HTO is a good option in the older patient: a single surgeon case series

Background:

The number of high tibial osteotomies (HTOs) are increasing year on year as documented in the United Kingdom Knee Osteotomy Registry (UKKOR). There is a paucity of evidence for their use in the older patient. Traditionally they are reserved for select, younger patients wishing to defer the need for total knee arthroplasty for a few more years. Approximately 70% of HTOs are performed on patients between 40 and 55 years of age.

Methods:

50 adult patients underwent consecutive HTOs for medial compartment osteoarthritis under the same Consultant Orthopaedic Surgeon at the Warrington & Halton NHS Hospital Trust from 2014 onwards. Validated Patient Reported Outcome Measure (PROM) scores were collected prospectively. Oxford and Knee Injury and Osteoarthritis Outcome Score (KOOS) scores were collected at 1 year, 2 year and up to 5 years.

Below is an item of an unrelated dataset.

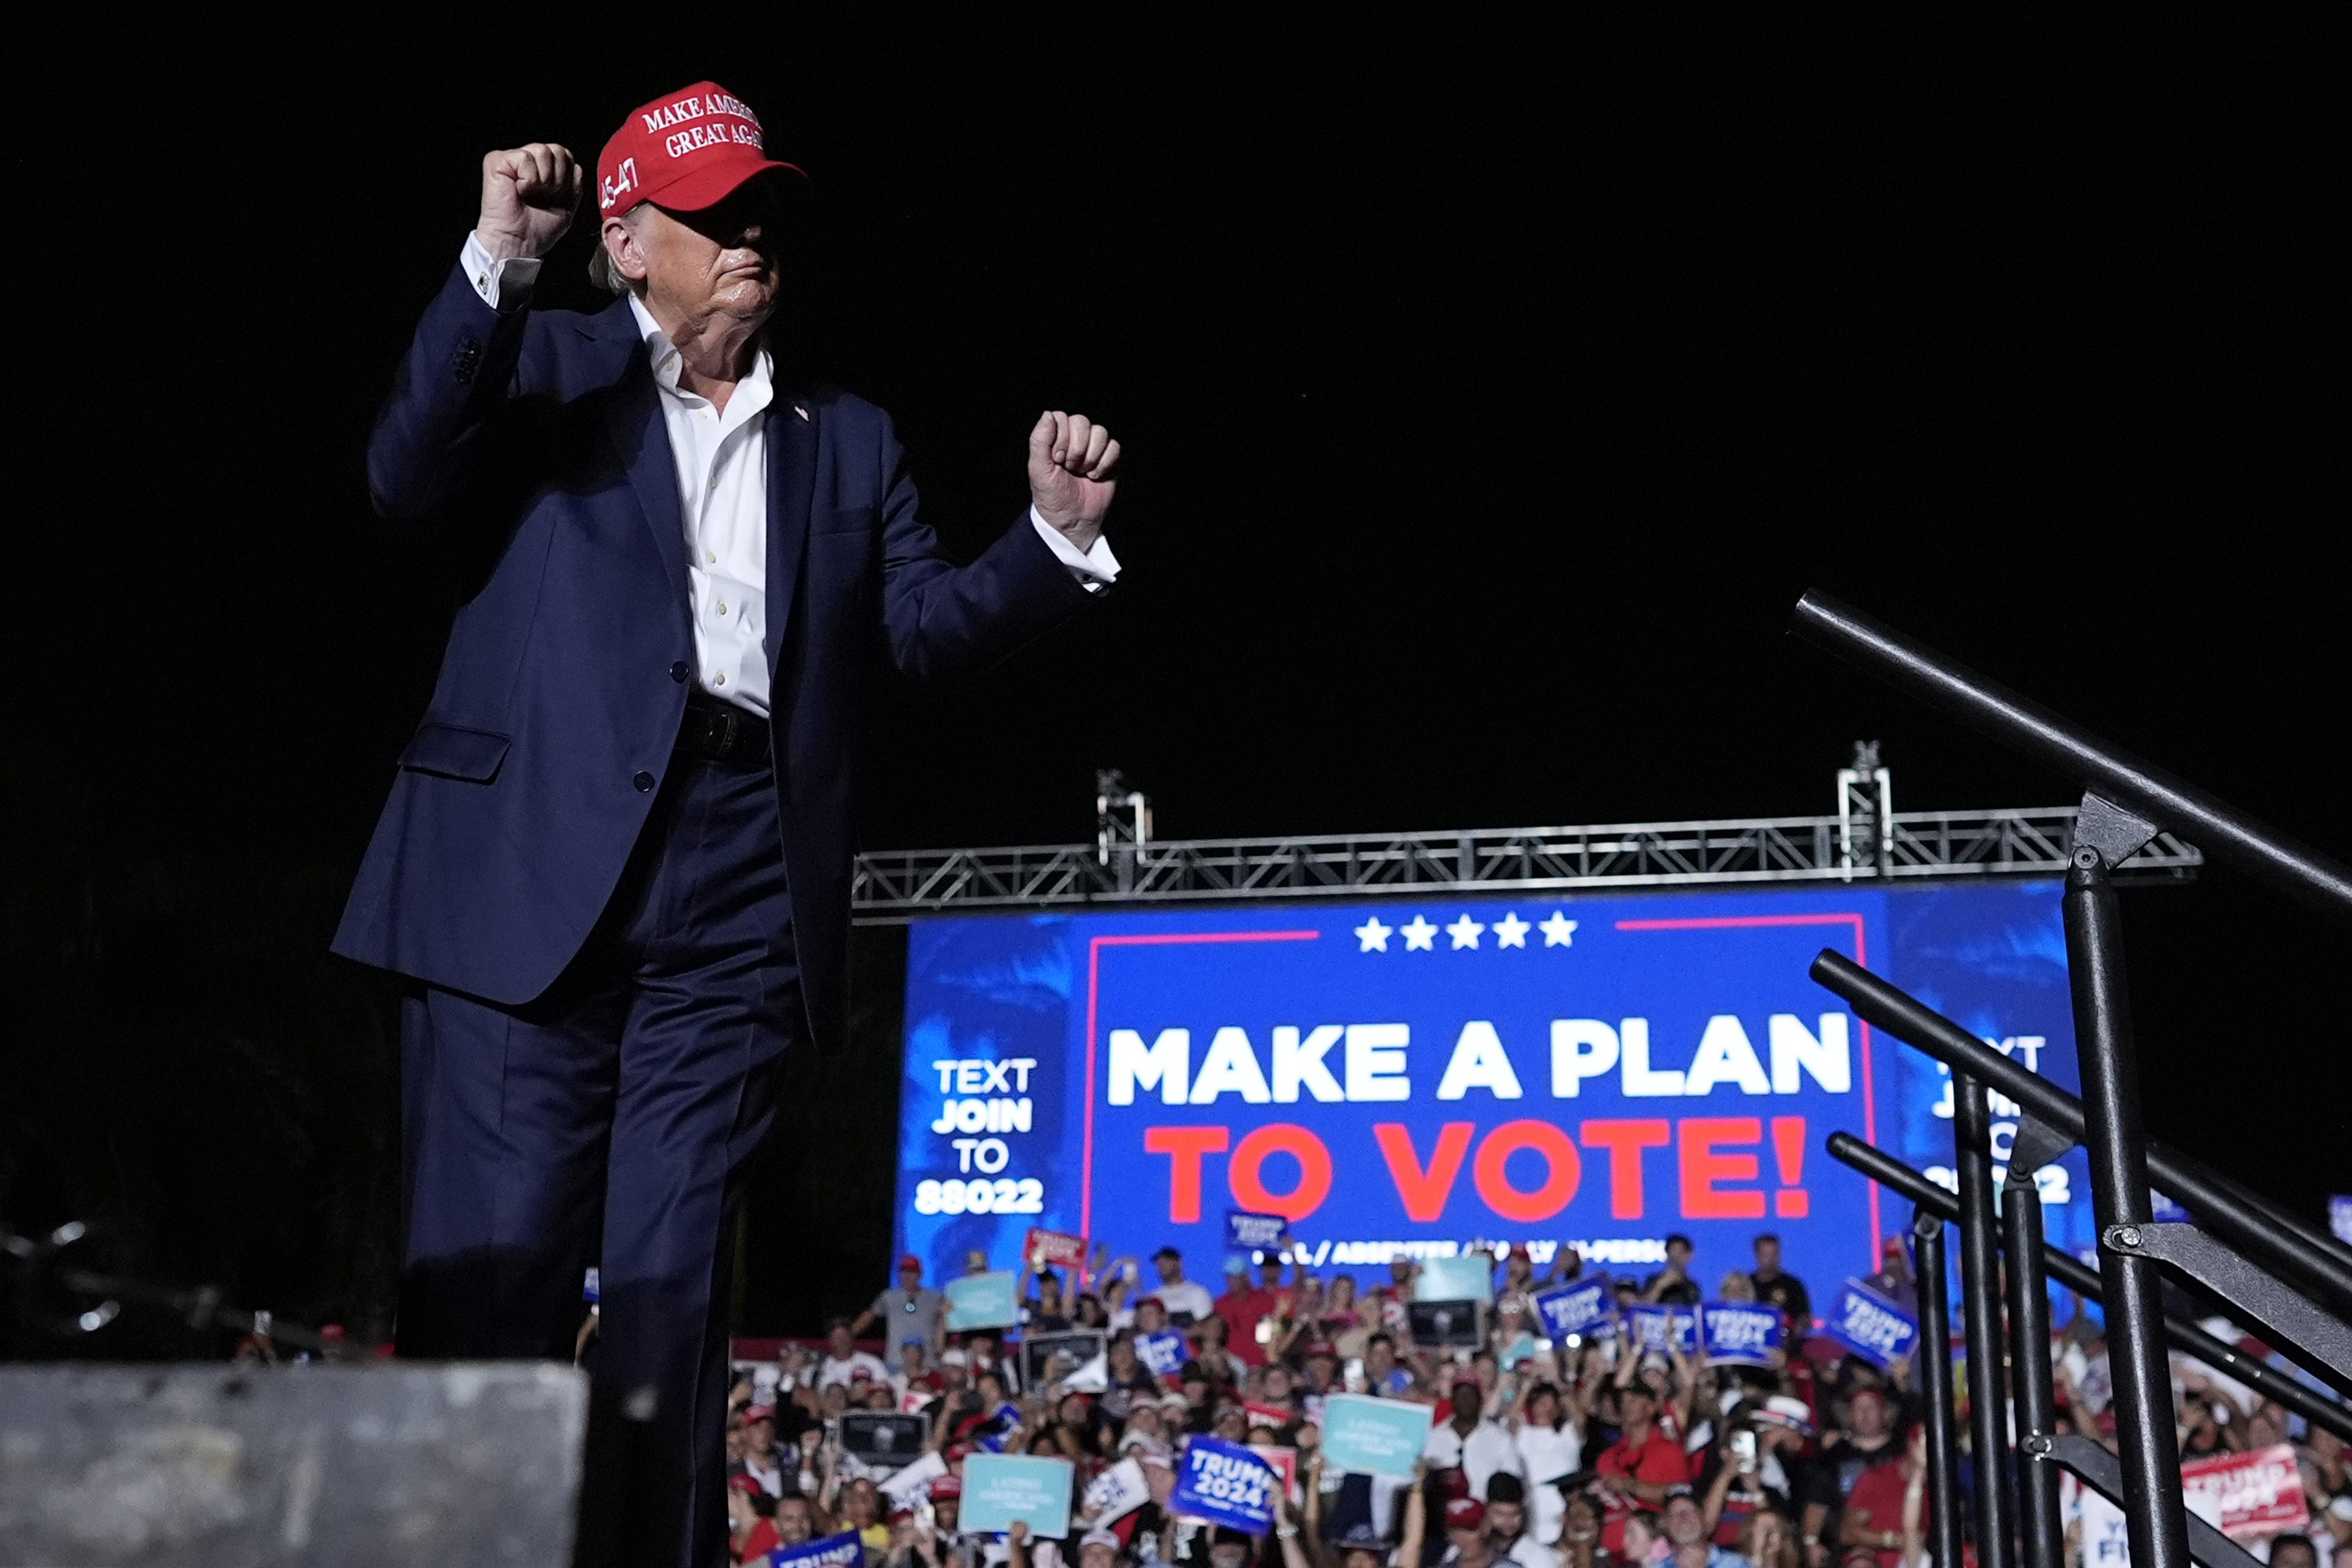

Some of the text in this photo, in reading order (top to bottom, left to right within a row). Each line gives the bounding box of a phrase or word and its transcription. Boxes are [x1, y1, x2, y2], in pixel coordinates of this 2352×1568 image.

The cohort was divided into two groups based on age: group 1 were 53 years old or above. Those who were 52 or below were in group 2.

Results:

Both patient groups had comparable demographics and baseline PROMs scores. Group 1 had 27 patients with an age range between 53 and 71 years. Group 2 had 23 patients ranging from 26 to 52 years of age. There was no significant difference between the scores at either 1 year or 2 years (p<0.12, p<0.13).

Conclusion:

With good clinical acumen and appropriate patient selection HTO is a good option in the older patient with patients reporting just as good results in terms of pain, function, sport and quality of life as their younger counter parts.